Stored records
# # # #

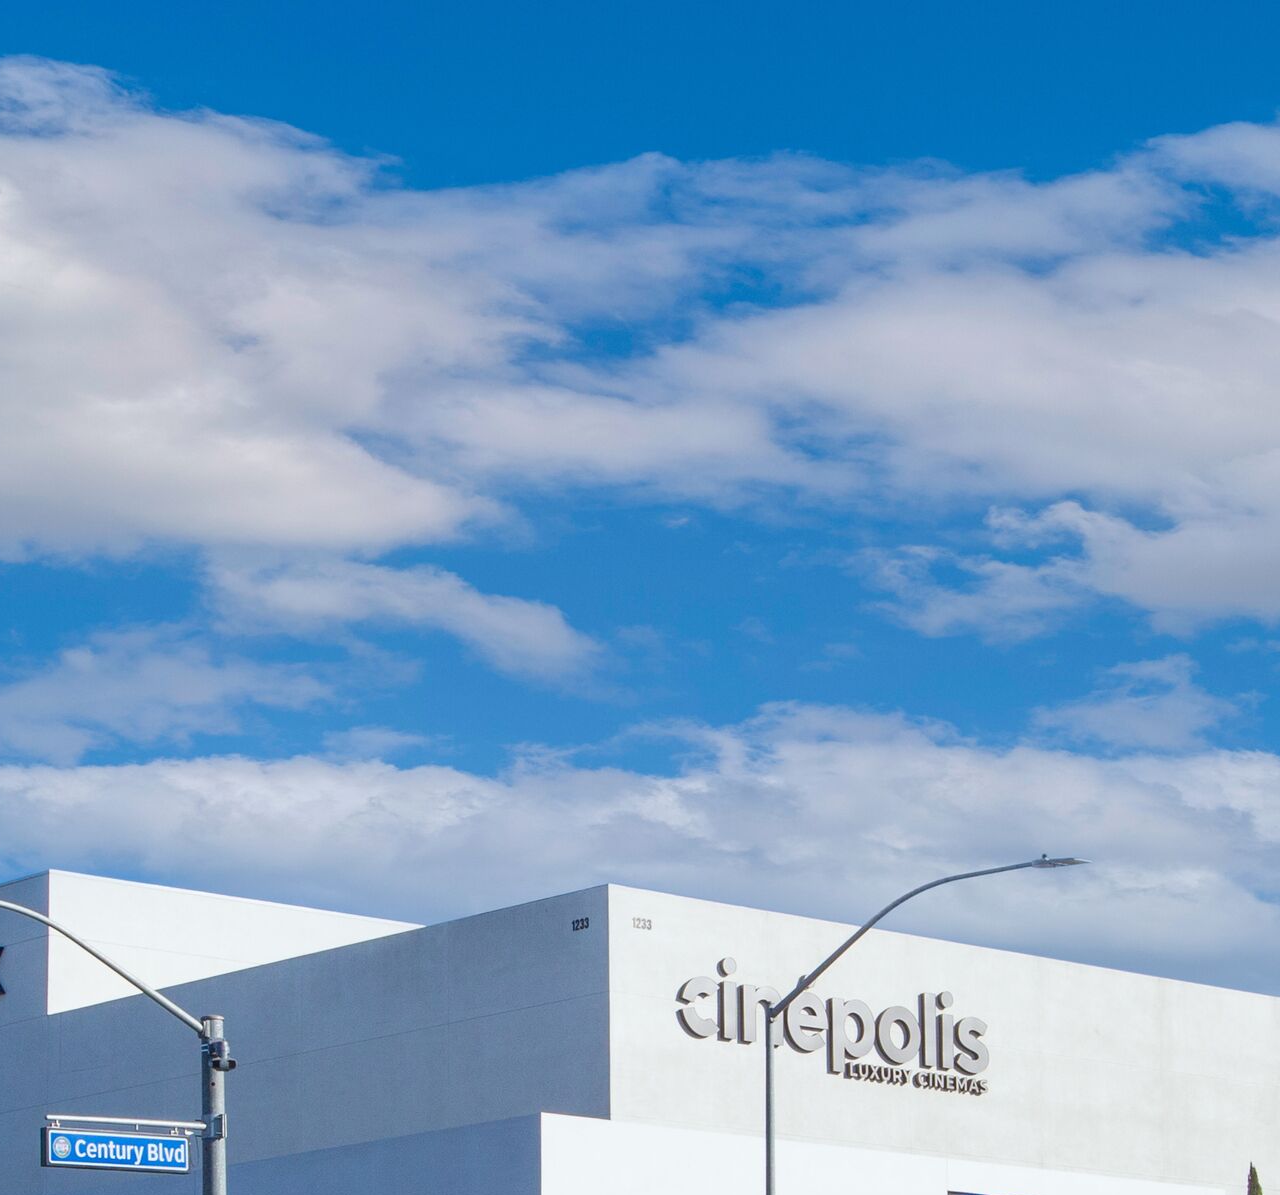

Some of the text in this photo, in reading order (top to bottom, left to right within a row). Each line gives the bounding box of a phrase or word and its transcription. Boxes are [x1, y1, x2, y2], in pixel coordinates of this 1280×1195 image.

[571, 917, 590, 931] 1233
[632, 917, 652, 930] 1233
[675, 956, 990, 1076] cinépolis
[844, 1061, 989, 1096] LUXURY CINEMAS
[74, 1138, 185, 1166] Century Blvd

# # # #

* **Work instructions**
The records above are to be restated exactly, without their pictures.

* **Solution for this task**
Some of the text in this photo, in reading order (top to bottom, left to right within a row). Each line gives the bounding box of a phrase or word and its transcription. Boxes are [x1, y1, x2, y2], in pixel coordinates of this 1280×1195 image.

[571, 917, 590, 931] 1233
[632, 917, 652, 930] 1233
[675, 956, 990, 1076] cinépolis
[844, 1061, 989, 1096] LUXURY CINEMAS
[74, 1138, 185, 1166] Century Blvd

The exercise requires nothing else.